In eight-dimensional space, no one can hear your data scream

Mauri et al (2015) make a gridded climate reconstruction for Europe over the Holocene based on almost 900 pollen stratigraphies. The hope is that the reconstruction will be useful for evaluating climate models. This is a useful goal – if the climate models can generate realistic Holocene climates, our confidence in their predictions for the future should increase. This hope will only be realised if the reconstructions are reliable, unbiased, and with realistic estimates of reconstruction uncertainty.

Mauri et al reconstruct eight climatic variables: mean summer (JJA), winter (DJF) and annual temperature and precipitation, mean annual GDD5 (growing degree days over 5 °C) and mean annual P–E (precipitation minus evaporation).

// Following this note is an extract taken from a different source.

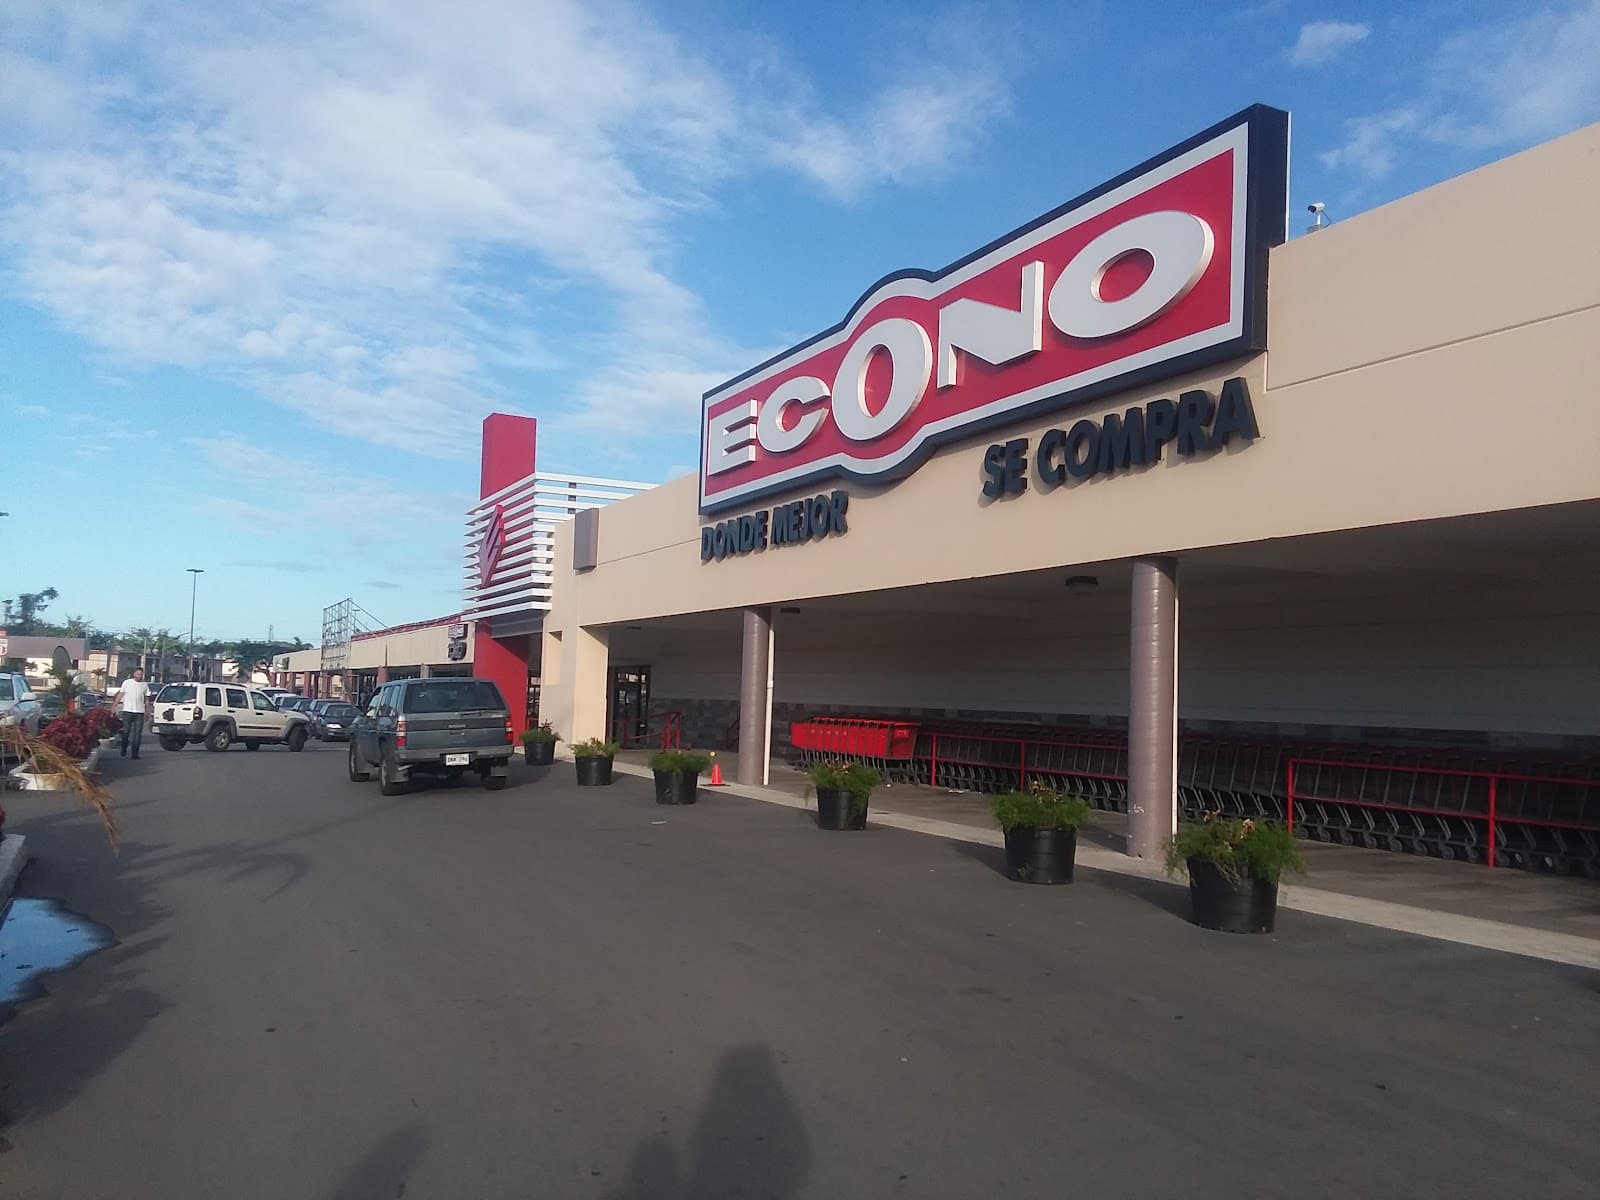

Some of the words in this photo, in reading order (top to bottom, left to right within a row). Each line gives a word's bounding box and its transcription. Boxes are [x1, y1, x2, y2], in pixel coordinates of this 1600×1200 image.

Mauri et al are not the first to try to reconstruct many environmental variables simultaneously, nor do they have the record for the most variables (I seem to recall one paper reconstructing over 20 variables from pollen, but cannot find the reference). But like so many papers, Mauri et al do not consider whether they really can reconstruct so many variables. I do not dispute that all the variables reconstructed by Mauri et al are important to plants (actually I do – I don’t think that plants care about annual mean temperature per se, but are instead sensitive to seasonal temperatures and their combination), but I am sceptical that all can be reconstructed at all sites. It would seem more plausible to me if some variables could be satisfactorily reconstructed in some sites, and other variables in other sites depending on which variables are limiting species abundances.

Mauri et al have this to say about their choice of environmental variables:

Here we do not attempt to justify our choice of parameters, other than to point to the extensive peer reviewed literature in which these parameters have already been applied.

Not an entirely satisfactory justification. Would it not have been better to try to determine which variable can be reconstructed and where before providing gridded reconstructed climate? One can hardly expect the climate modeller to do this.

Mauri et al use the modern analogue technique (MAT, aka k-nearest neighbours) based on 4700 modern pollen and climate observations. MAT is sensitive to spatial autocorrelation which makes the transfer function model appear more precise that can be justified. Mauri et al are aware of the problem describing the problem accurately.

The performance of a training-set is often estimated using cross-validation techniques, but performance can be over estimated as a result of spatial autocorrelation from geographically close analogues.

But then comes this

The extent of this problem has not generally been considered to be significant enough to limit the application of the MAT technique, and indeed the spatial structure in the data may still be an important function of the climatic response, especially at regional scales (Bartlein et al., 2010).

It is perhaps true that spatial autocorrelation has not “been considered … enough”. Telford and Birks (2009) demonstrate that spatial autocorrelation can greatly bias the performance estimates of pollen transfer functions that use MAT. If the true uncertainty is, say, 50% higher than apparent, we risk finding that climate models do not agree with the data when the  agreement is actually reasonably good. I’ve no idea what Mauri et al mean by the second part of this sentence – time to look at Bartlein et al (2011) who have a paragraph about spatial autocorrelation.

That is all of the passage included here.